Seeding North Carolina’s future
CALS and its partners strive to make North Carolina the world’s leader in plant sciences innovation.
NC State University’s College of Agriculture and Life Sciences has a grand vision for addressing the greatest agricultural challenges facing the state and the world. Called the Plant Sciences Initiative, the objective is to make North Carolina the global hub for plant-related innovation, in much the same way that Silicon Valley is the world’s high-tech hot spot.
The initiative is about increasing agricultural yields and profitability in ways that create new agricultural and agricultural biosciences jobs, markets and businesses. It’s about filling the need to double the food supply for a fast-growing population, using less land and less water and protecting the environment upon which life depends.
It’s about collaboration that builds on scientific strengths of academia, industry and government.
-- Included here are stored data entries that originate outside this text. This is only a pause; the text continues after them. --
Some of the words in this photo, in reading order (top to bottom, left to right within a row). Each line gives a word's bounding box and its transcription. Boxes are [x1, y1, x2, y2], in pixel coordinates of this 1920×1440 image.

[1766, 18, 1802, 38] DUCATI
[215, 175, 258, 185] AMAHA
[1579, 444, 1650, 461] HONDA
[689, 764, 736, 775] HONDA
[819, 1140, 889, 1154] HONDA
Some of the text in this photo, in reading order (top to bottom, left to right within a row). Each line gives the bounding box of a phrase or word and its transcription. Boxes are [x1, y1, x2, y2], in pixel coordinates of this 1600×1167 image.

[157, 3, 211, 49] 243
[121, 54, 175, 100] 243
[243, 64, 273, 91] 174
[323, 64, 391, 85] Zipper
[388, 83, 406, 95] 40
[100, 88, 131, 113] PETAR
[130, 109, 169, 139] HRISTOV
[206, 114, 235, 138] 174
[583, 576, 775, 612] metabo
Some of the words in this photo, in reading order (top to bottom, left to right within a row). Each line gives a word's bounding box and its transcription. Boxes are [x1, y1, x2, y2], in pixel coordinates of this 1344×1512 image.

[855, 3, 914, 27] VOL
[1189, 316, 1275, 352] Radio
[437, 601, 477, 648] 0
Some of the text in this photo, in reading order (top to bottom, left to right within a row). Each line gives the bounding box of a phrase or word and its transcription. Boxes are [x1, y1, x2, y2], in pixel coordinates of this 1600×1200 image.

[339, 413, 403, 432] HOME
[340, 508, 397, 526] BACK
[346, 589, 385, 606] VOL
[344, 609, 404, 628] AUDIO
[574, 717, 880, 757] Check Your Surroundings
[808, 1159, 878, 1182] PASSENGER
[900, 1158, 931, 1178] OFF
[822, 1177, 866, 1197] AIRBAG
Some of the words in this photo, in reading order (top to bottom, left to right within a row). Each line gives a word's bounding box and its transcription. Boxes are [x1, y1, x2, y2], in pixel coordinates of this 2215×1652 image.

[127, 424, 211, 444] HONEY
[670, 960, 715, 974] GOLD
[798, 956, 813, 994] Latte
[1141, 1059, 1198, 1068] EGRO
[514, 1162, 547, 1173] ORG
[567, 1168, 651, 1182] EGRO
It’s about bringing together the leading scientists in plant-related disciplines – plant and microbial biology, plant pathology, biochemistry, and horticultural and crop sciences – with engineers, mathematicians, physicists and economists in ways that generate the type of big ideas that not only work but make economic sense.
It’s about training the agricultural science workforce and leaders of tomorrow by giving students the chance to interact with industry on such interdisciplinary projects.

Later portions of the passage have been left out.